_What is being asked_
Each entry is to be output as written, so that none is missing.

[Spatial localization data]
=-=-=-=-=

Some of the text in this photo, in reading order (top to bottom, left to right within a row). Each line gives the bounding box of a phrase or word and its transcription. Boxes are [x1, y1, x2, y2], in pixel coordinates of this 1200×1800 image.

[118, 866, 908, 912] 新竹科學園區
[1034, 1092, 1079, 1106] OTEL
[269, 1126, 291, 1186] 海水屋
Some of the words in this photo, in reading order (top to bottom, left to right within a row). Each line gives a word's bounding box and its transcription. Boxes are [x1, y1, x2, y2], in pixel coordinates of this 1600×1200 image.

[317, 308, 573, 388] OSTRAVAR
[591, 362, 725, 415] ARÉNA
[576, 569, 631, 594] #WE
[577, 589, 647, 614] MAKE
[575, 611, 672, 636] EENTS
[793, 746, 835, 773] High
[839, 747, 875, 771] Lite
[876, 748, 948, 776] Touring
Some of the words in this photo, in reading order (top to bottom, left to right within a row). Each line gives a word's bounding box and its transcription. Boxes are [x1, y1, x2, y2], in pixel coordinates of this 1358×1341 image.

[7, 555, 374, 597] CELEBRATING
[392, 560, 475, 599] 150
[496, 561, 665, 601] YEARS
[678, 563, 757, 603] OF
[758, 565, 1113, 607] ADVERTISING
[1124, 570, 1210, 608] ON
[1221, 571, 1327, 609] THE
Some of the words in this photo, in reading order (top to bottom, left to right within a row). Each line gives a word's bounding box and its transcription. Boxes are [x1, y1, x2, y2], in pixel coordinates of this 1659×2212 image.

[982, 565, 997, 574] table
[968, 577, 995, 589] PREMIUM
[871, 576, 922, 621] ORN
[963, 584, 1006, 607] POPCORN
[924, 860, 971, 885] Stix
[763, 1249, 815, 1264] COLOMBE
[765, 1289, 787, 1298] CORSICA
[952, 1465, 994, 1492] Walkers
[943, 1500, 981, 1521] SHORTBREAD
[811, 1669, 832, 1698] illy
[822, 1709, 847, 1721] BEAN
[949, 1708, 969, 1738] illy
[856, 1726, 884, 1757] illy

=-=-=-=-=

_Solution for this exercise_
Some of the text in this photo, in reading order (top to bottom, left to right within a row). Each line gives the bounding box of a phrase or word and its transcription. Boxes are [x1, y1, x2, y2], in pixel coordinates of this 1200×1800 image.

[118, 866, 908, 912] 新竹科學園區
[1034, 1092, 1079, 1106] OTEL
[269, 1126, 291, 1186] 海水屋
Some of the words in this photo, in reading order (top to bottom, left to right within a row). Each line gives a word's bounding box and its transcription. Boxes are [x1, y1, x2, y2], in pixel coordinates of this 1600×1200 image.

[317, 308, 573, 388] OSTRAVAR
[591, 362, 725, 415] ARÉNA
[576, 569, 631, 594] #WE
[577, 589, 647, 614] MAKE
[575, 611, 672, 636] EENTS
[793, 746, 835, 773] High
[839, 747, 875, 771] Lite
[876, 748, 948, 776] Touring
Some of the words in this photo, in reading order (top to bottom, left to right within a row). Each line gives a word's bounding box and its transcription. Boxes are [x1, y1, x2, y2], in pixel coordinates of this 1358×1341 image.

[7, 555, 374, 597] CELEBRATING
[392, 560, 475, 599] 150
[496, 561, 665, 601] YEARS
[678, 563, 757, 603] OF
[758, 565, 1113, 607] ADVERTISING
[1124, 570, 1210, 608] ON
[1221, 571, 1327, 609] THE
Some of the words in this photo, in reading order (top to bottom, left to right within a row). Each line gives a word's bounding box and its transcription. Boxes are [x1, y1, x2, y2], in pixel coordinates of this 1659×2212 image.

[982, 565, 997, 574] table
[968, 577, 995, 589] PREMIUM
[871, 576, 922, 621] ORN
[963, 584, 1006, 607] POPCORN
[924, 860, 971, 885] Stix
[763, 1249, 815, 1264] COLOMBE
[765, 1289, 787, 1298] CORSICA
[952, 1465, 994, 1492] Walkers
[943, 1500, 981, 1521] SHORTBREAD
[811, 1669, 832, 1698] illy
[822, 1709, 847, 1721] BEAN
[949, 1708, 969, 1738] illy
[856, 1726, 884, 1757] illy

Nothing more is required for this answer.